* _EXERCISE_:
Write all entries out exactly, images excluded.

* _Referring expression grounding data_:
#####
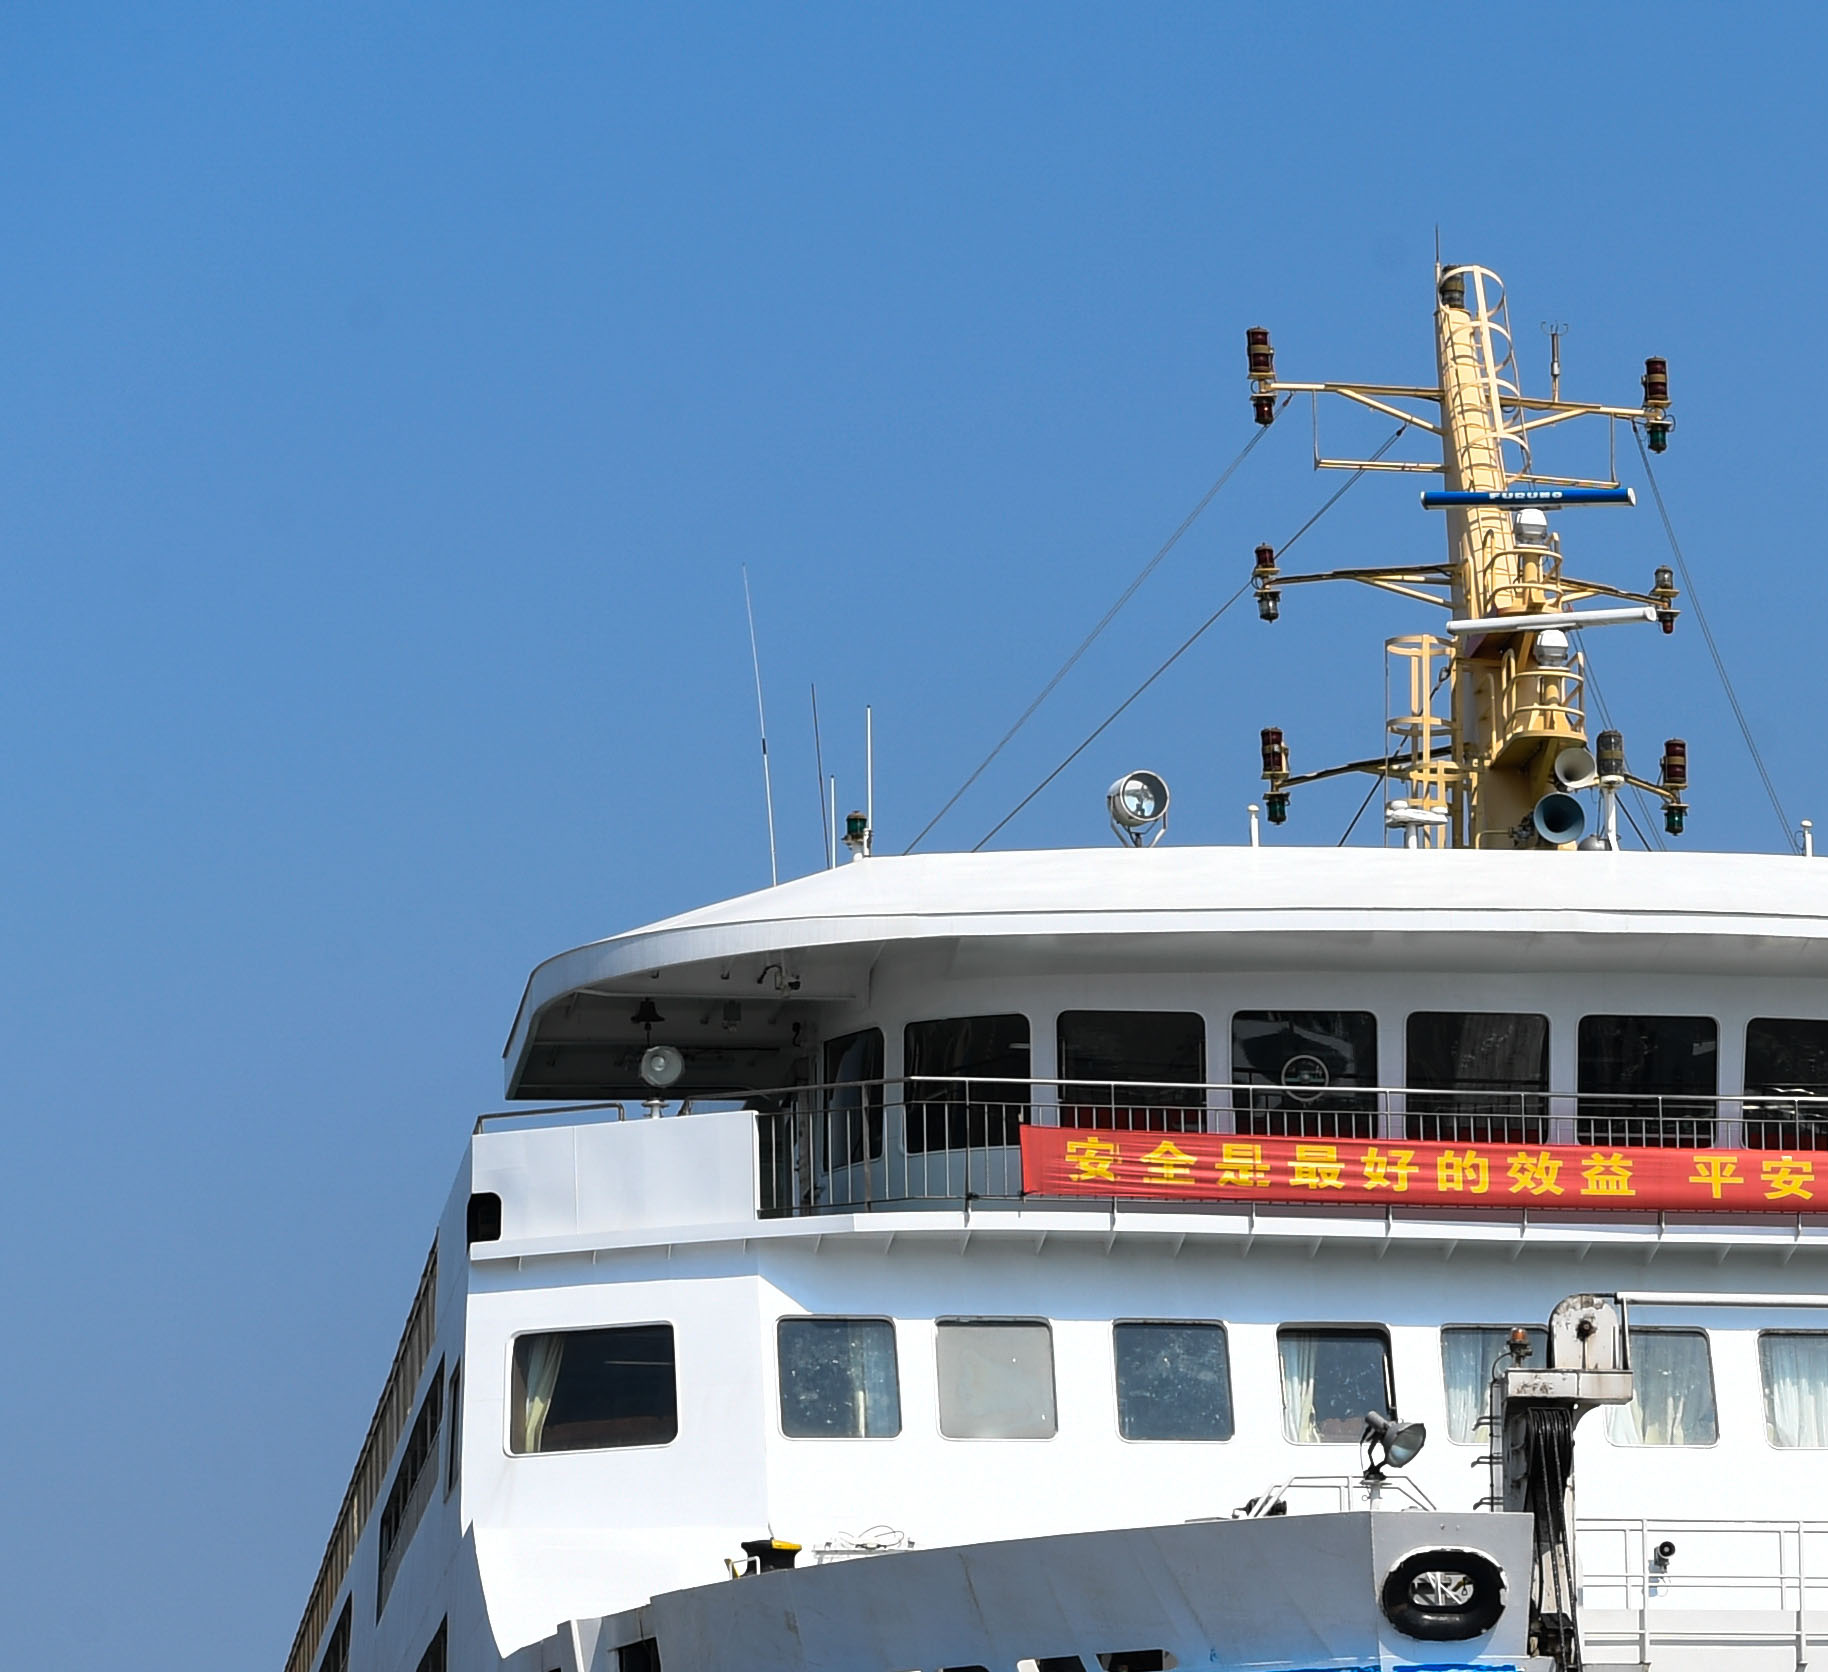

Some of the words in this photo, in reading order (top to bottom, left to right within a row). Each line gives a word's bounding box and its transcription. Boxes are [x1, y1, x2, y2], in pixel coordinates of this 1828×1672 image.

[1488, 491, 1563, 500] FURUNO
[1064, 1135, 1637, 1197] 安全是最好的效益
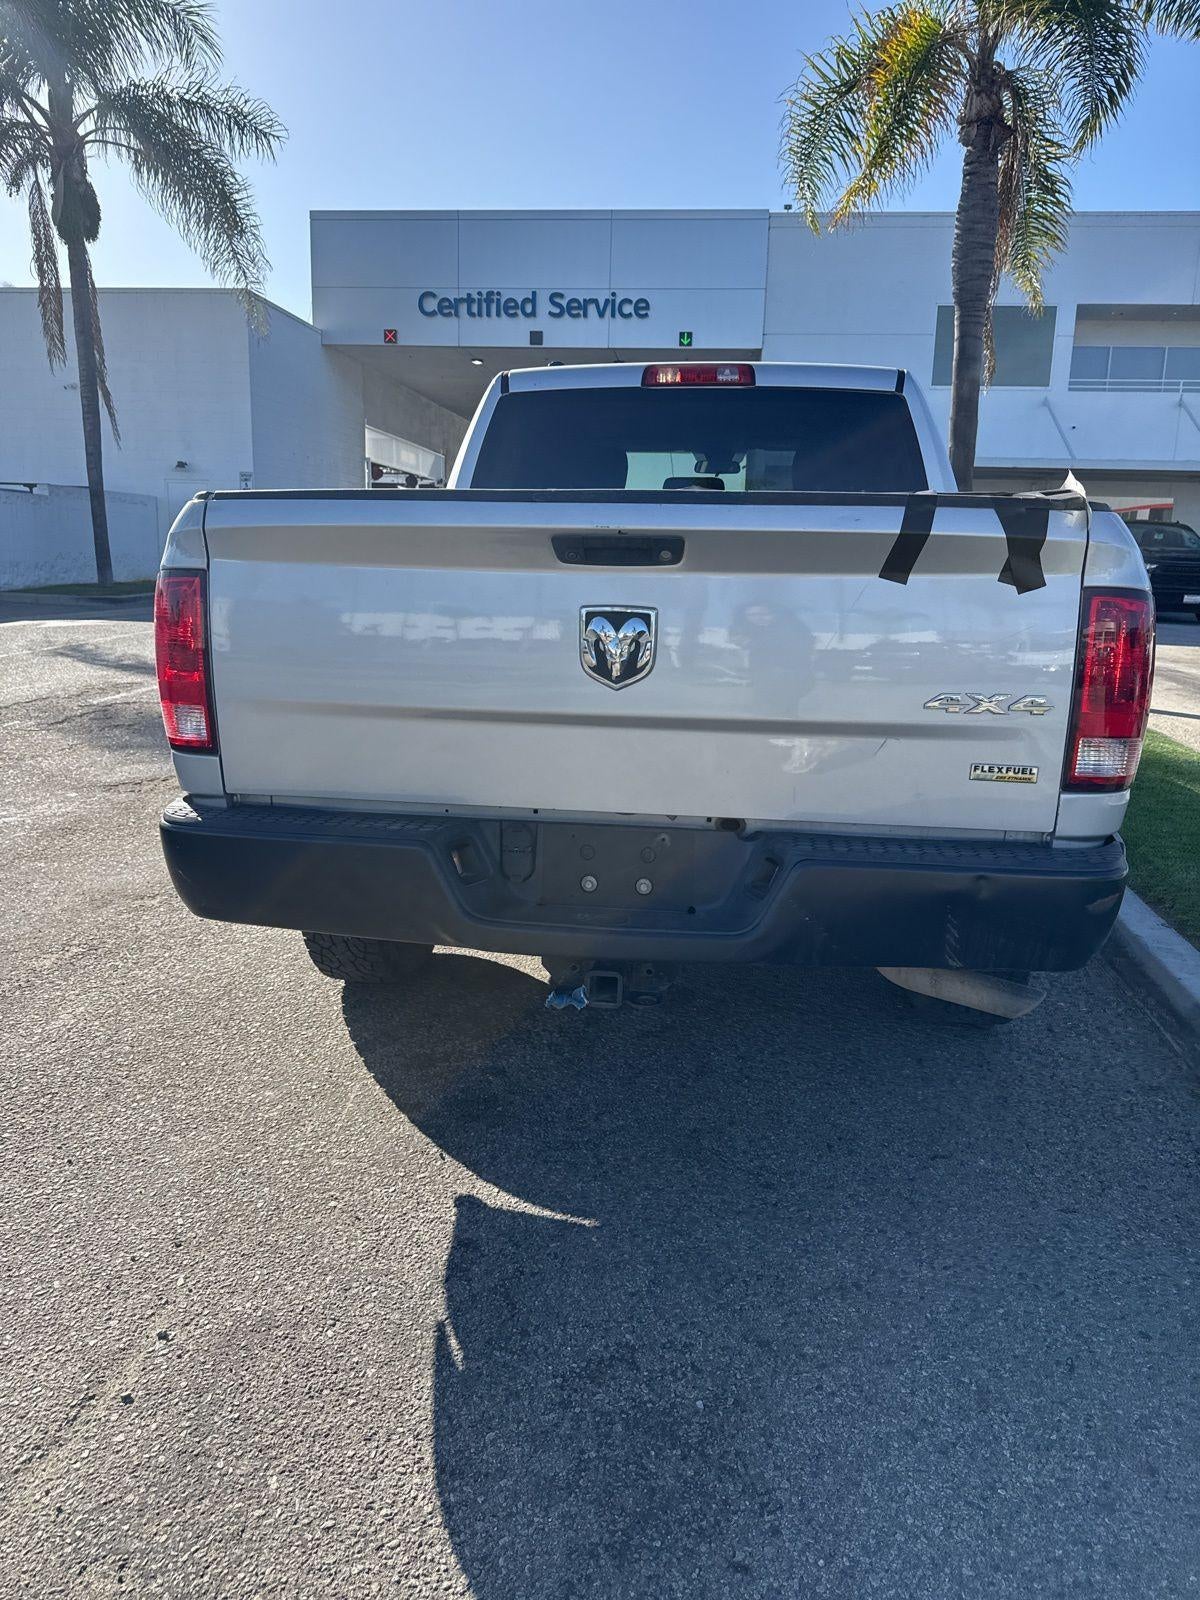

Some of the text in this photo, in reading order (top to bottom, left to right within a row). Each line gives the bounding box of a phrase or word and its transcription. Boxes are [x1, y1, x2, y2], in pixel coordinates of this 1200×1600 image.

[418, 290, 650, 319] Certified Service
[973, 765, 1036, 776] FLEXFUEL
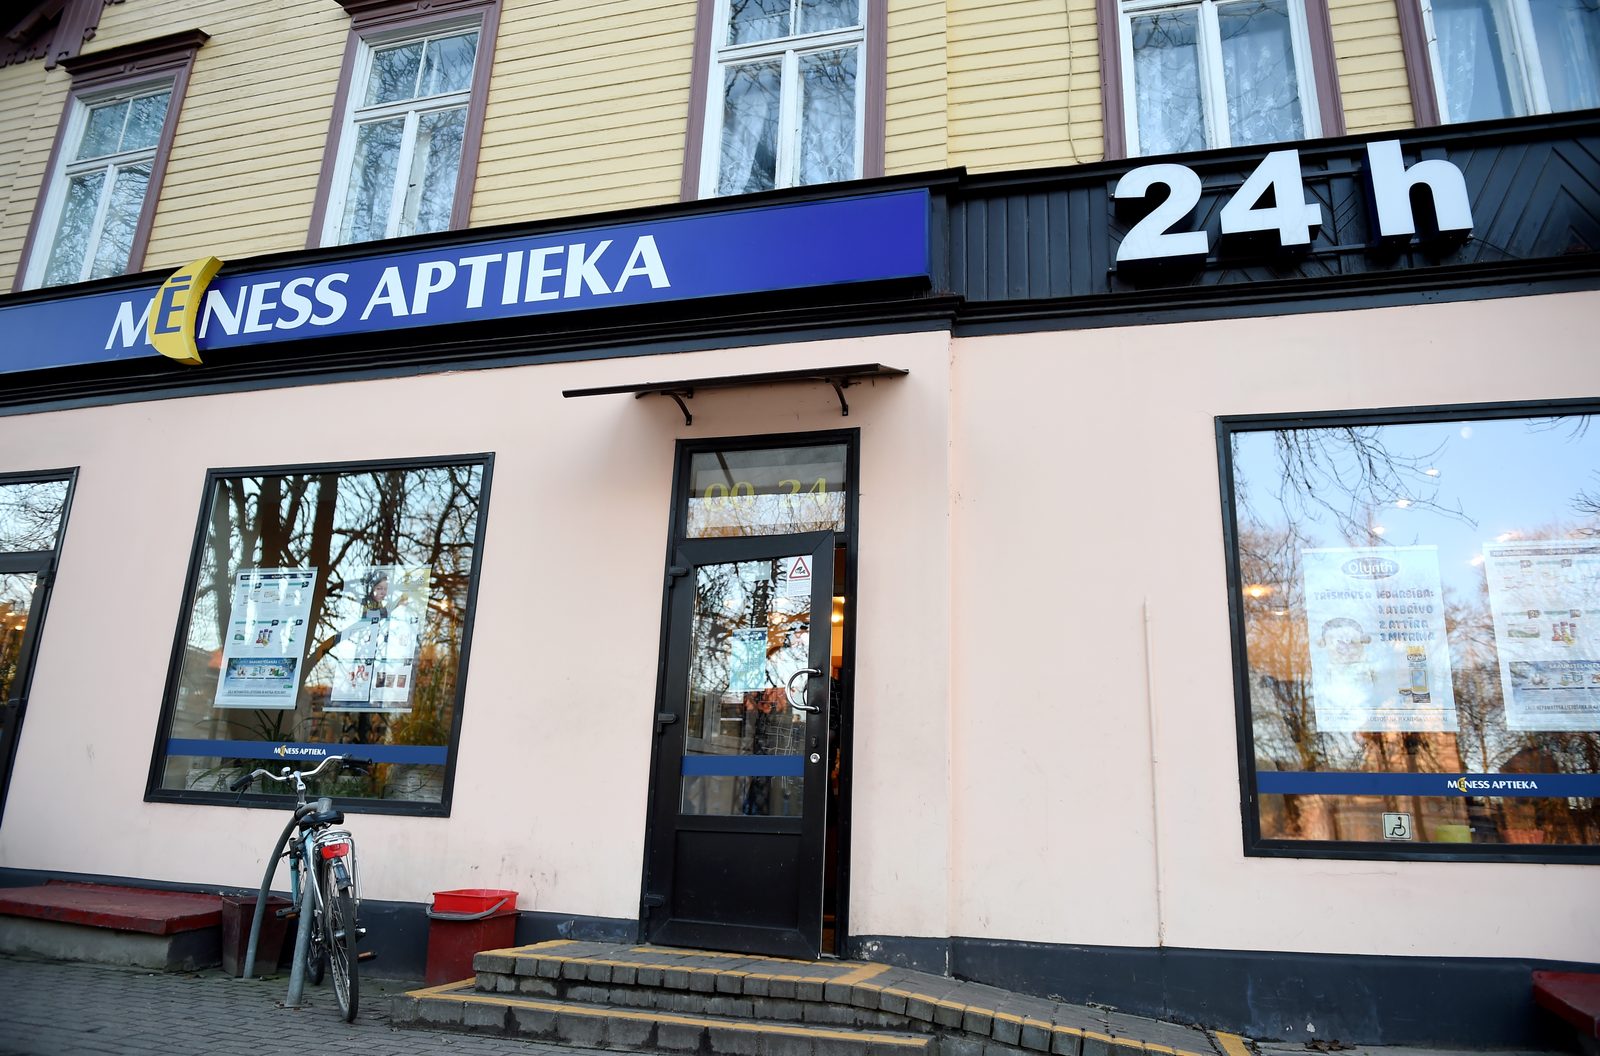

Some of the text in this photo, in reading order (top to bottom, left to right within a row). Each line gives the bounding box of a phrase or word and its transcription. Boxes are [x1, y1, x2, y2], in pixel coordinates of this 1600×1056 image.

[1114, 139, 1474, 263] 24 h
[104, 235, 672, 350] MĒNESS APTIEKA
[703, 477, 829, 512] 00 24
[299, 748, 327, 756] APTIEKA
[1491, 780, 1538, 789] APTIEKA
#####
* _SOLUTION BELOW_:
Some of the words in this photo, in reading order (top to bottom, left to right within a row). Each line gives a word's bounding box and its transcription. Boxes are [x1, y1, x2, y2], in pixel coordinates of this 1828×1672 image.

[1488, 491, 1563, 500] FURUNO
[1064, 1135, 1637, 1197] 安全是最好的效益

Some of the text in this photo, in reading order (top to bottom, left to right within a row). Each line gives the bounding box of a phrase or word and its transcription. Boxes are [x1, y1, x2, y2], in pixel coordinates of this 1200×1600 image.

[418, 290, 650, 319] Certified Service
[973, 765, 1036, 776] FLEXFUEL

Some of the text in this photo, in reading order (top to bottom, left to right within a row). Each line gives the bounding box of a phrase or word and its transcription. Boxes are [x1, y1, x2, y2], in pixel coordinates of this 1600×1056 image.

[1114, 139, 1474, 263] 24 h
[104, 235, 672, 350] MĒNESS APTIEKA
[703, 477, 829, 512] 00 24
[299, 748, 327, 756] APTIEKA
[1491, 780, 1538, 789] APTIEKA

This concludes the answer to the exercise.